# [What is being asked]
Transcribe only the last portion of the material: exactly the lines from the one with "this 2048×1536 image." through the end, inclusive.

# [Supplied data]
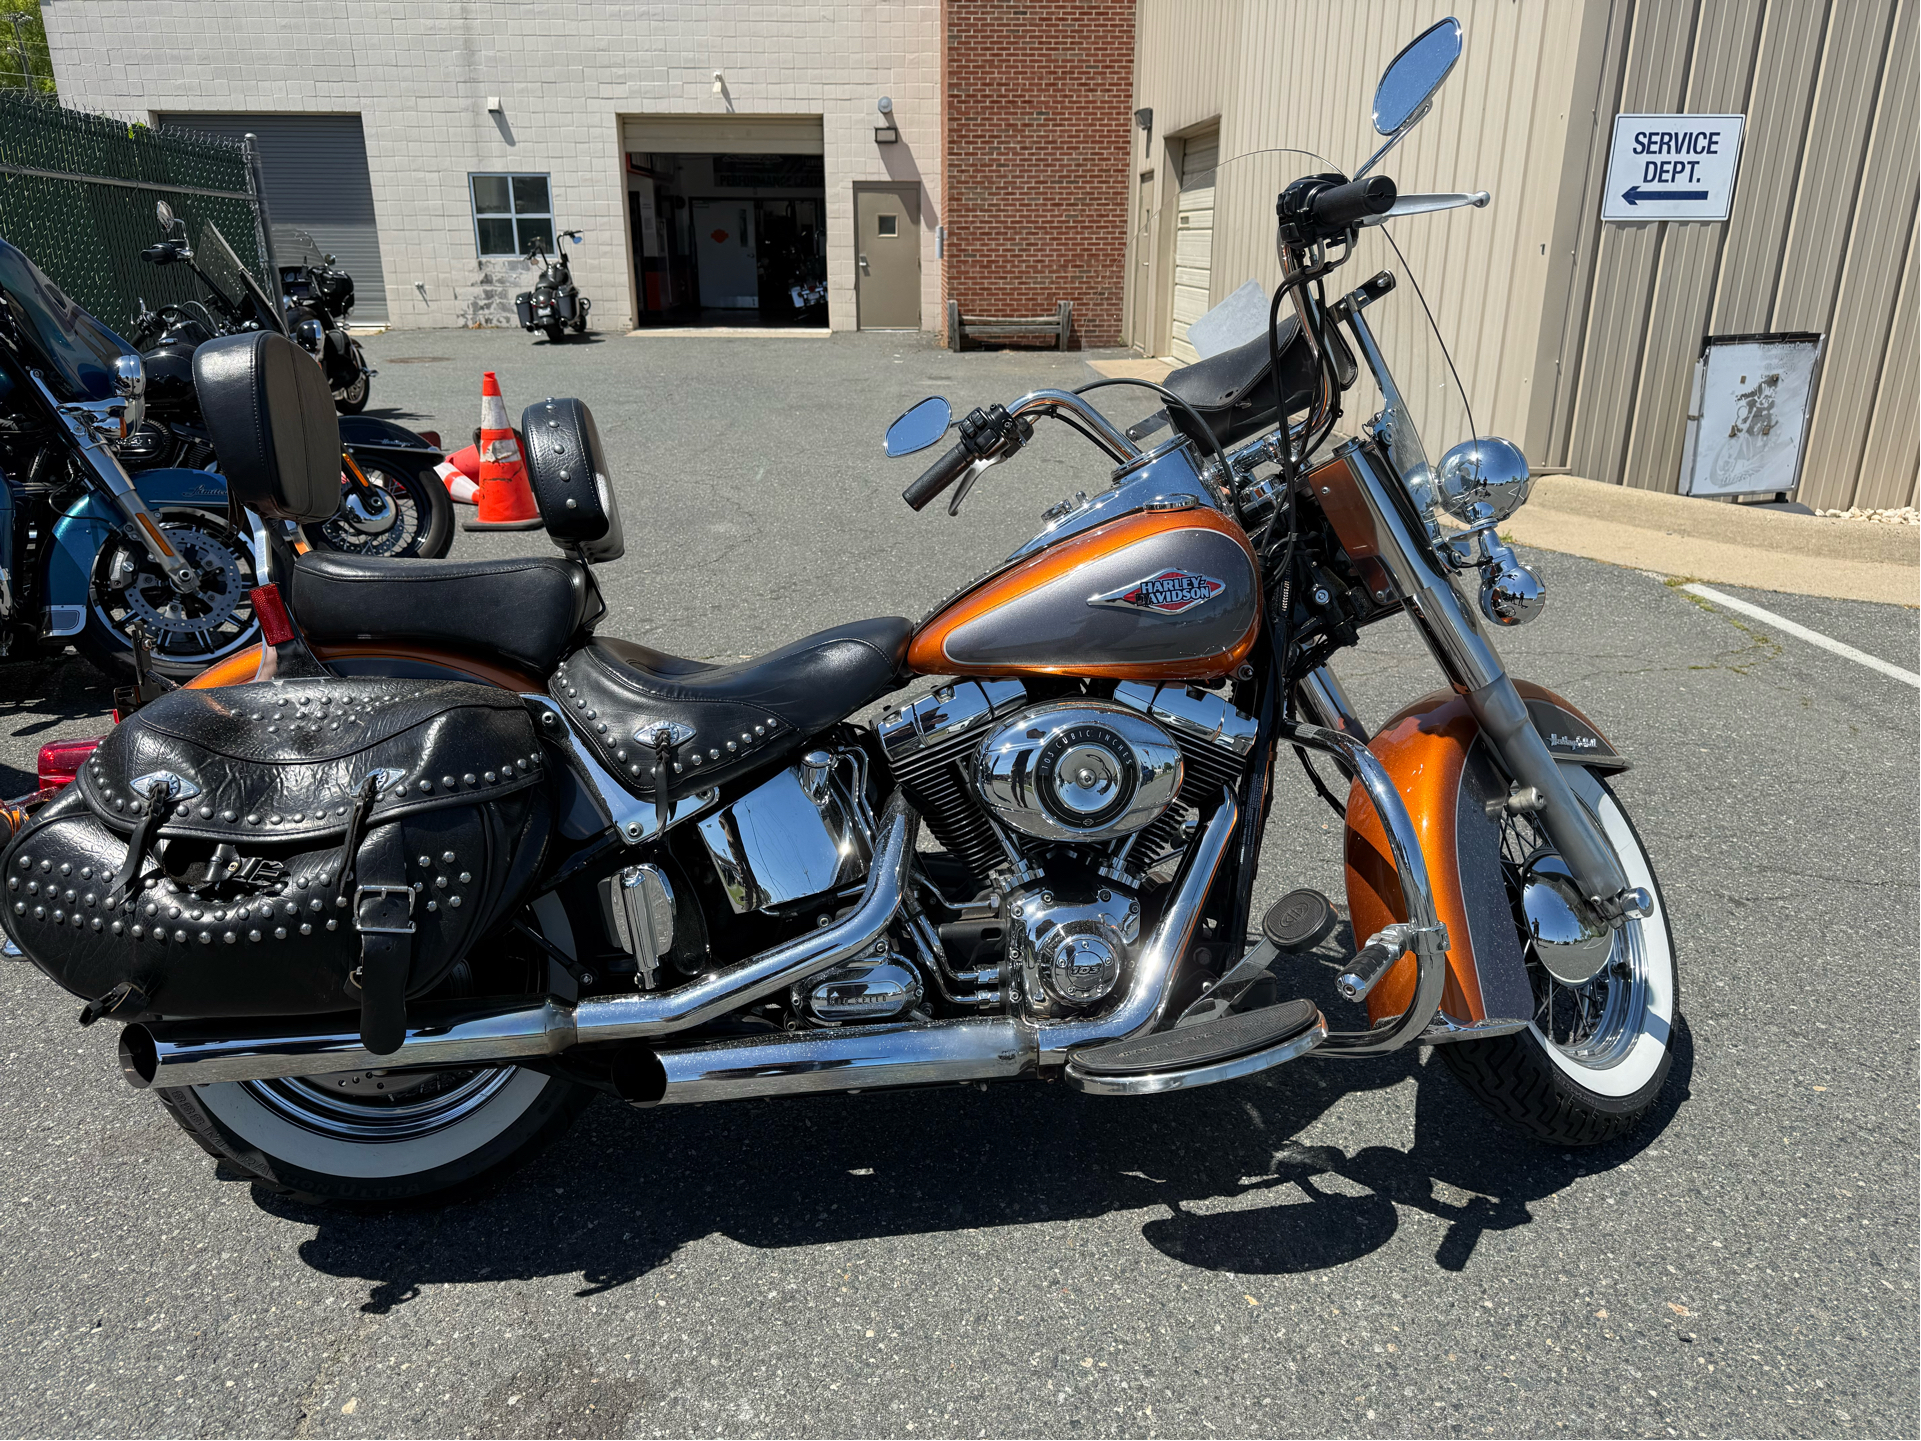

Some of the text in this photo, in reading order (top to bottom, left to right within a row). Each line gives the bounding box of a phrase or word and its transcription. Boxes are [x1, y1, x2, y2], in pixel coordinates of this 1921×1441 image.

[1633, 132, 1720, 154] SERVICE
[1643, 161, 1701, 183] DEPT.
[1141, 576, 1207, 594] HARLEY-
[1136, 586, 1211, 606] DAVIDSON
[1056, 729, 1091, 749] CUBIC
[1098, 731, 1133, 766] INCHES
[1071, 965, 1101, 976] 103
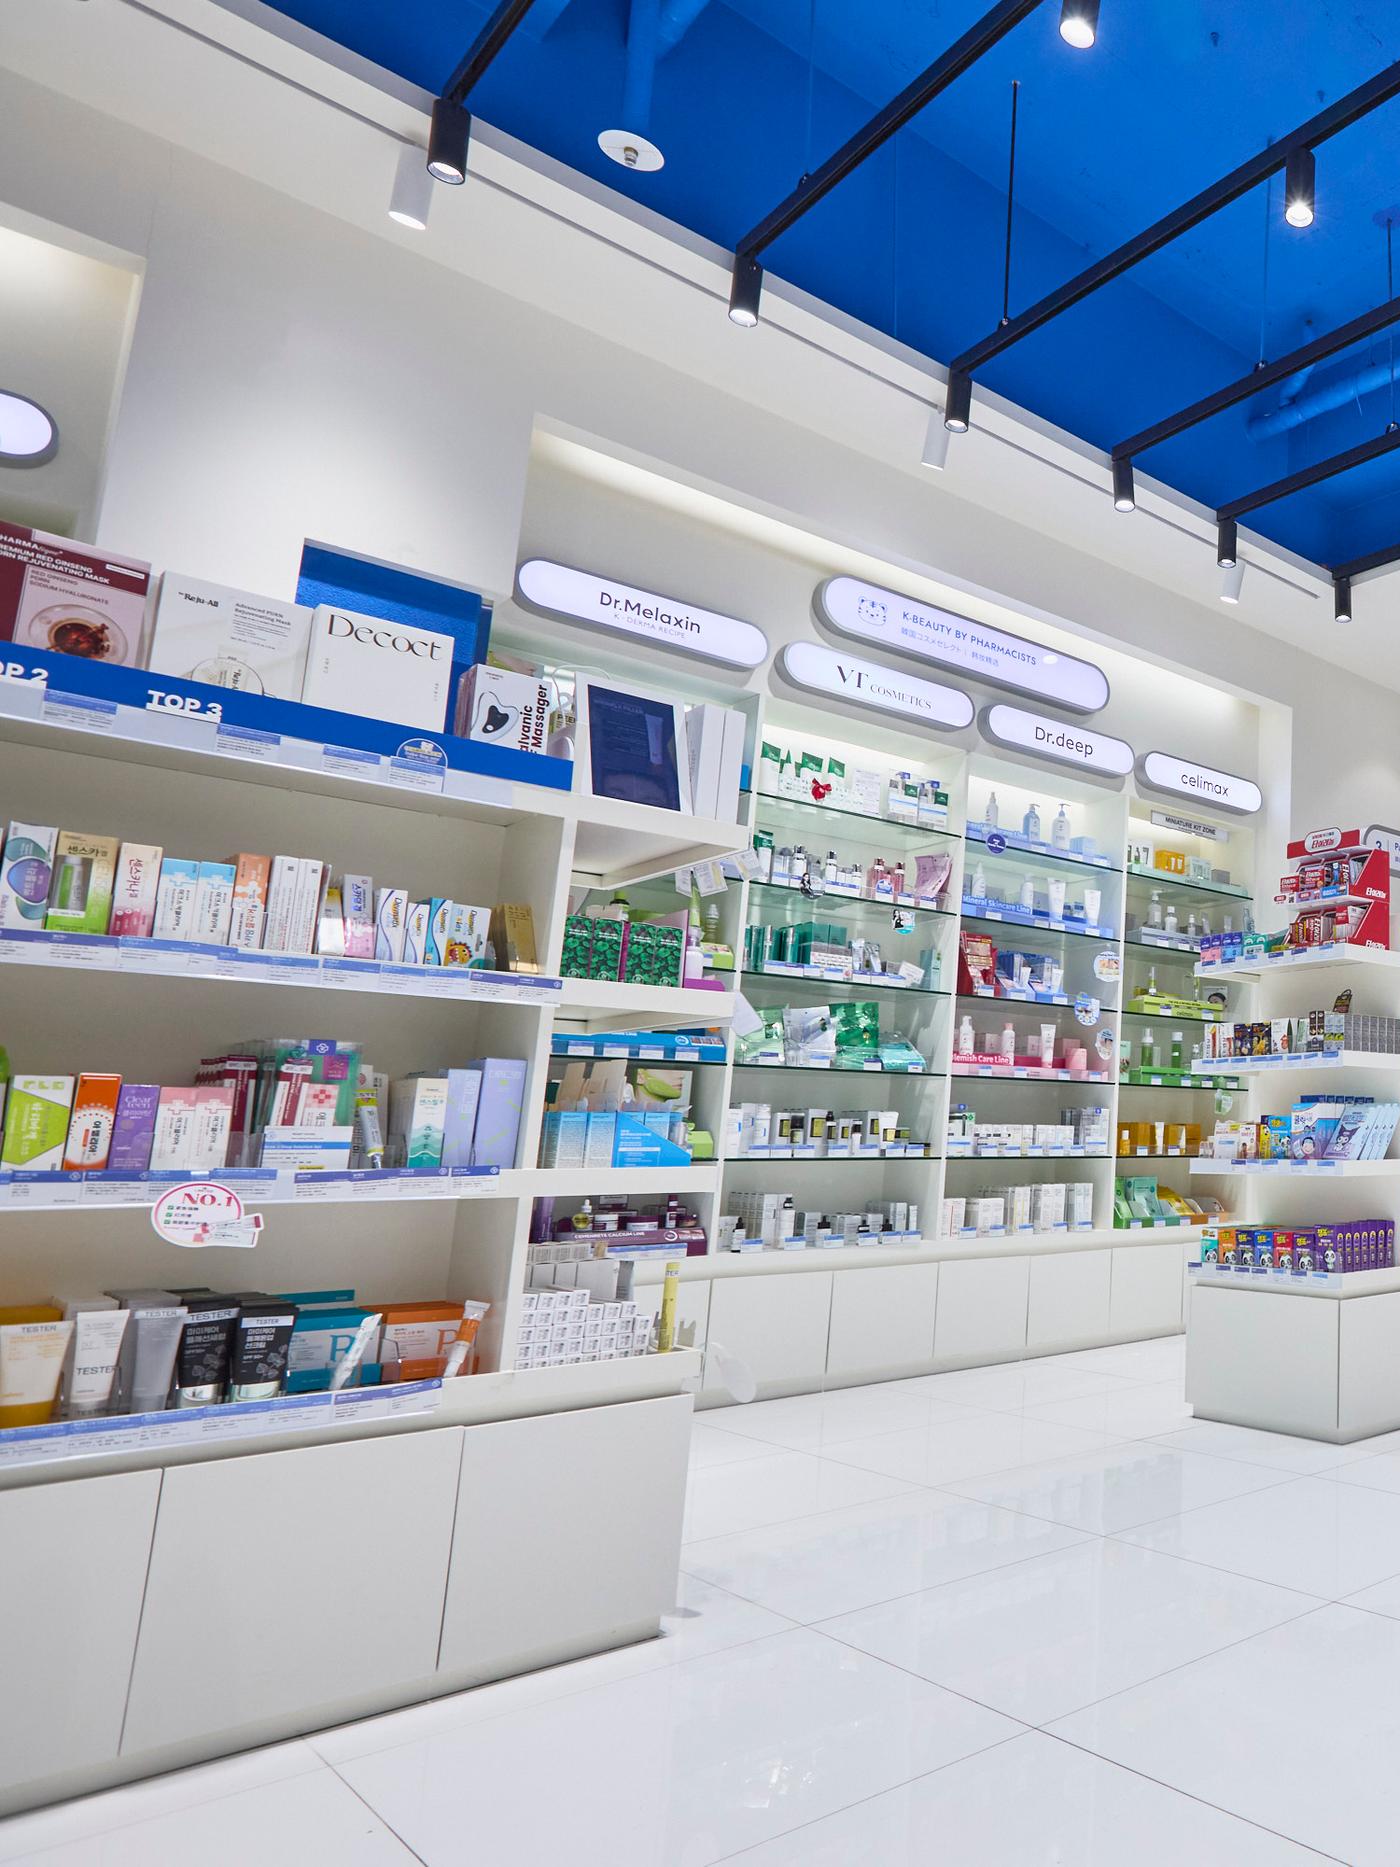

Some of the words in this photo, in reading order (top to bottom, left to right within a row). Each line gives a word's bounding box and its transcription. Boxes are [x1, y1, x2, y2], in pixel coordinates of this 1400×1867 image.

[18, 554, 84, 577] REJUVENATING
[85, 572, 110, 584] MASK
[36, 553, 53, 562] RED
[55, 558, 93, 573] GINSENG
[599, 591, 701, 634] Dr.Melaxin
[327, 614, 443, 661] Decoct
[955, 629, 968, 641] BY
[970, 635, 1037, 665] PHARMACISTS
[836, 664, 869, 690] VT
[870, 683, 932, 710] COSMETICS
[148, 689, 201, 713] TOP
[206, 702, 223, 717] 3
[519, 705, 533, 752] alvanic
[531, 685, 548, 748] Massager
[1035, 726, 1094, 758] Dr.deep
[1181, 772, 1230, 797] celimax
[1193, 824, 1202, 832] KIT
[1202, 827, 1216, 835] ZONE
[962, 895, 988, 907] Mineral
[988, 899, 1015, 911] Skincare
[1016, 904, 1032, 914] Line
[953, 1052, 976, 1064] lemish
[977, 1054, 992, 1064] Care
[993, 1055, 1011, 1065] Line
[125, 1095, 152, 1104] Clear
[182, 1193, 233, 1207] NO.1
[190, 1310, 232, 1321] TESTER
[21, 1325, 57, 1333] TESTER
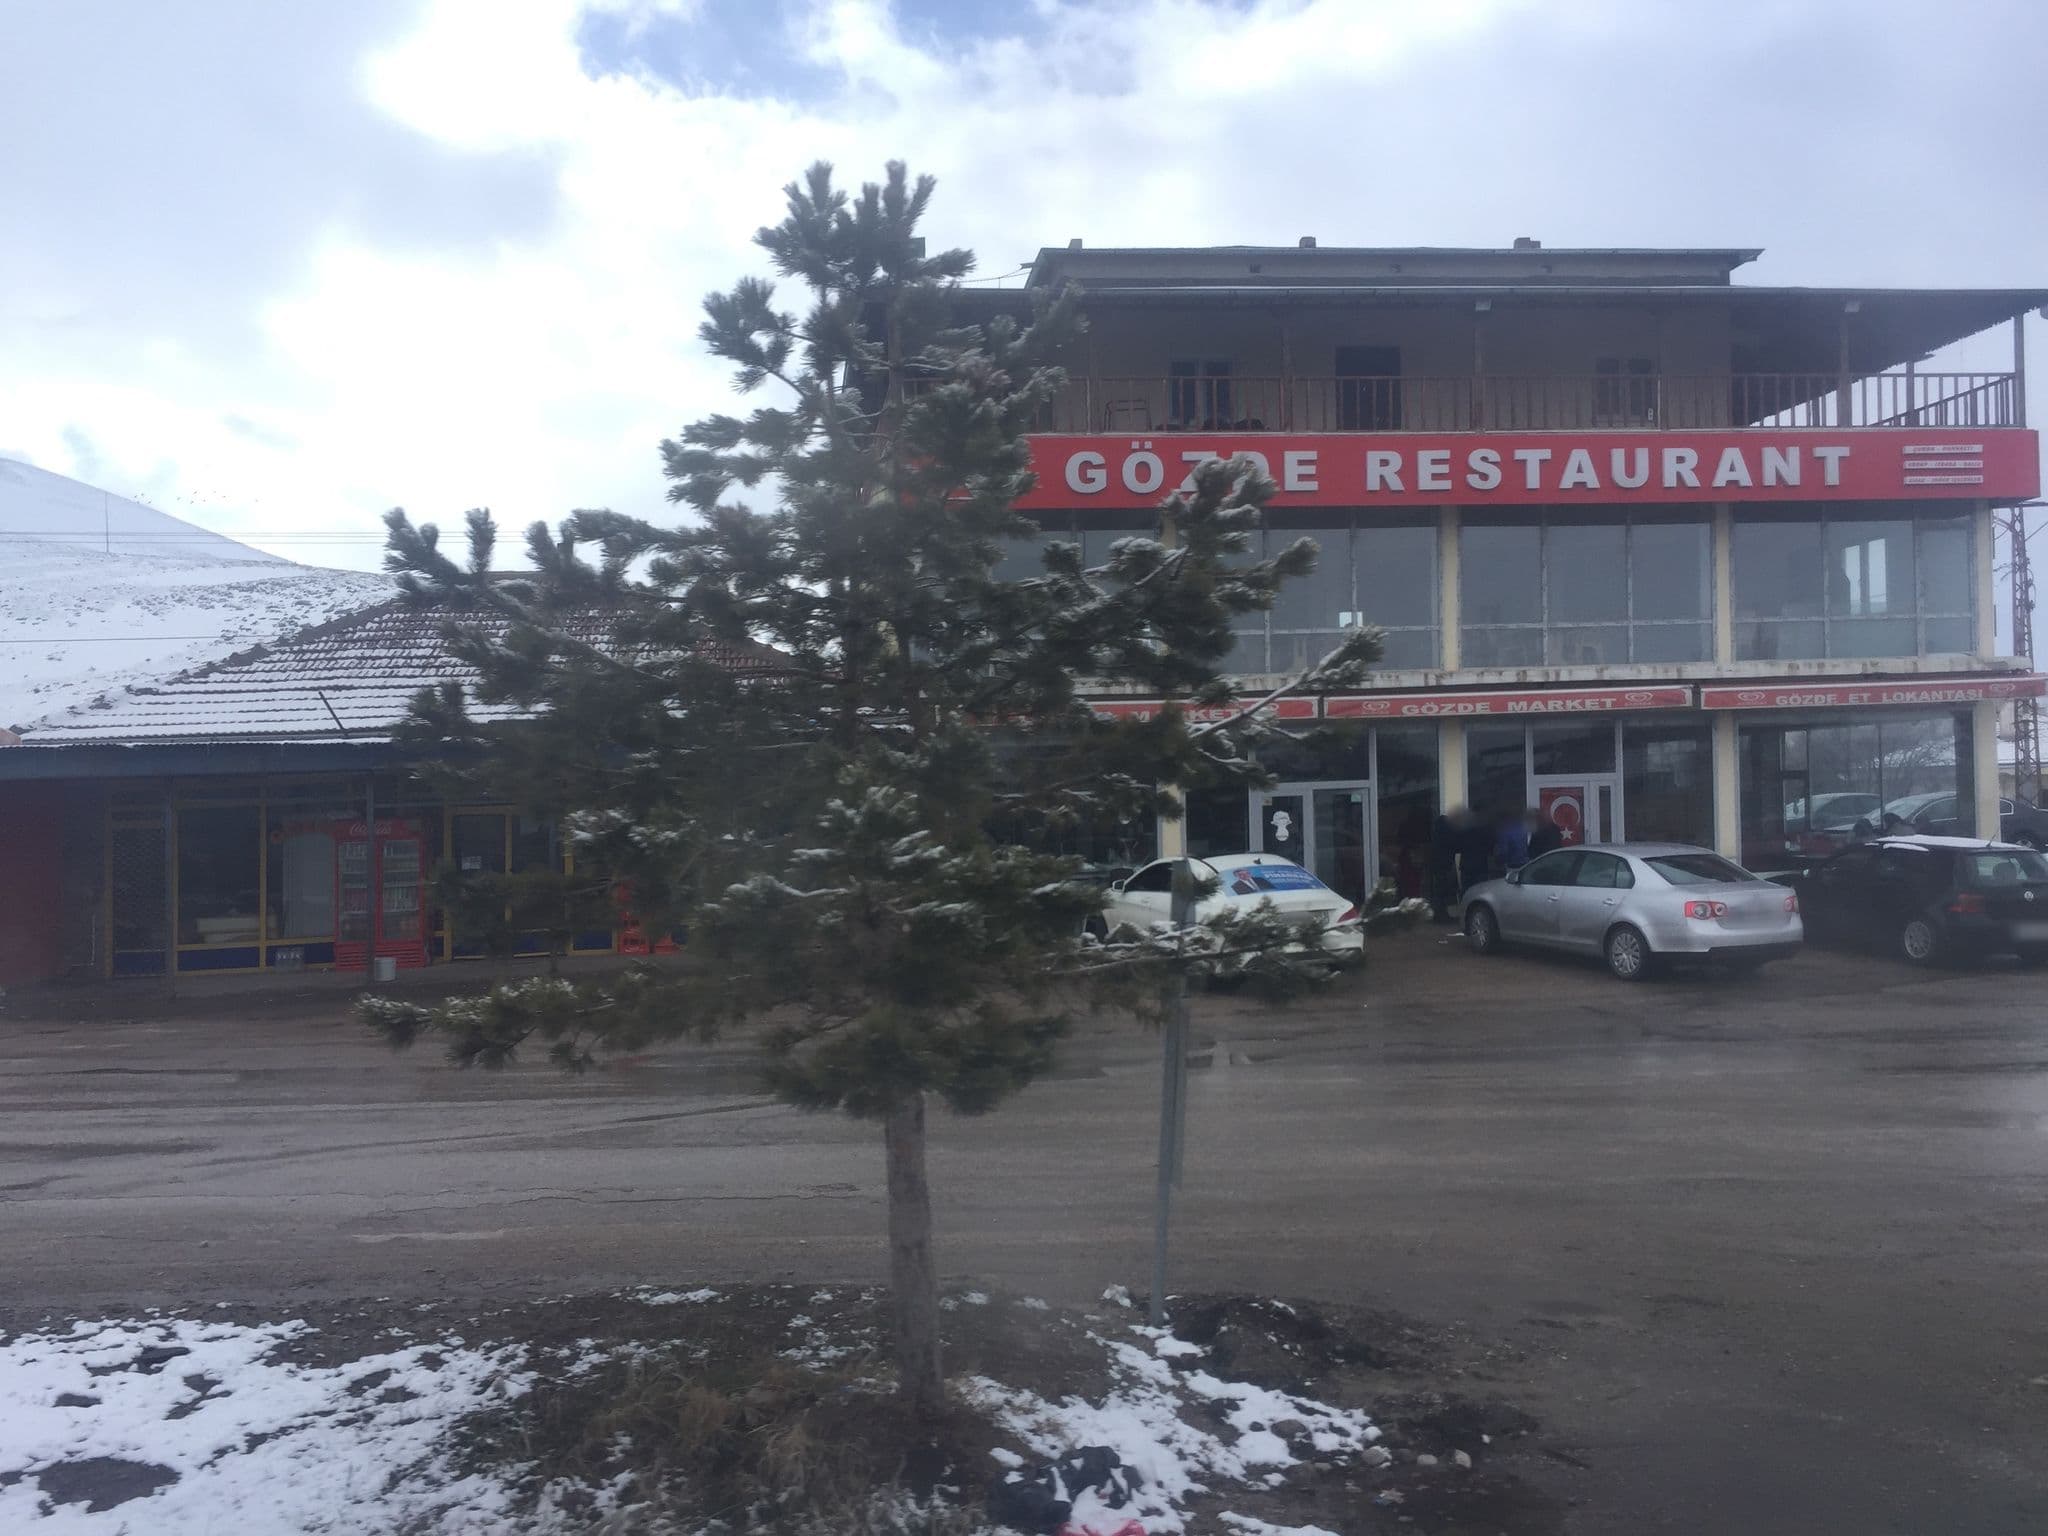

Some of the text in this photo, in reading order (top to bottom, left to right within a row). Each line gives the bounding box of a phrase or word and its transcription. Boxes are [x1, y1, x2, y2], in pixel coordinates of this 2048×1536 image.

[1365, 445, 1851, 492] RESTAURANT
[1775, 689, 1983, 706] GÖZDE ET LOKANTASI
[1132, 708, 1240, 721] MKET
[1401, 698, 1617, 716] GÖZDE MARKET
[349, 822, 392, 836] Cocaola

# [Written solution]
Some of the text in this photo, in reading order (top to bottom, left to right within a row). Each line gives the bounding box of a phrase or word and its transcription. Boxes are [x1, y1, x2, y2], in pixel coordinates of this 2048×1536 image.

[1365, 445, 1851, 492] RESTAURANT
[1775, 689, 1983, 706] GÖZDE ET LOKANTASI
[1132, 708, 1240, 721] MKET
[1401, 698, 1617, 716] GÖZDE MARKET
[349, 822, 392, 836] Cocaola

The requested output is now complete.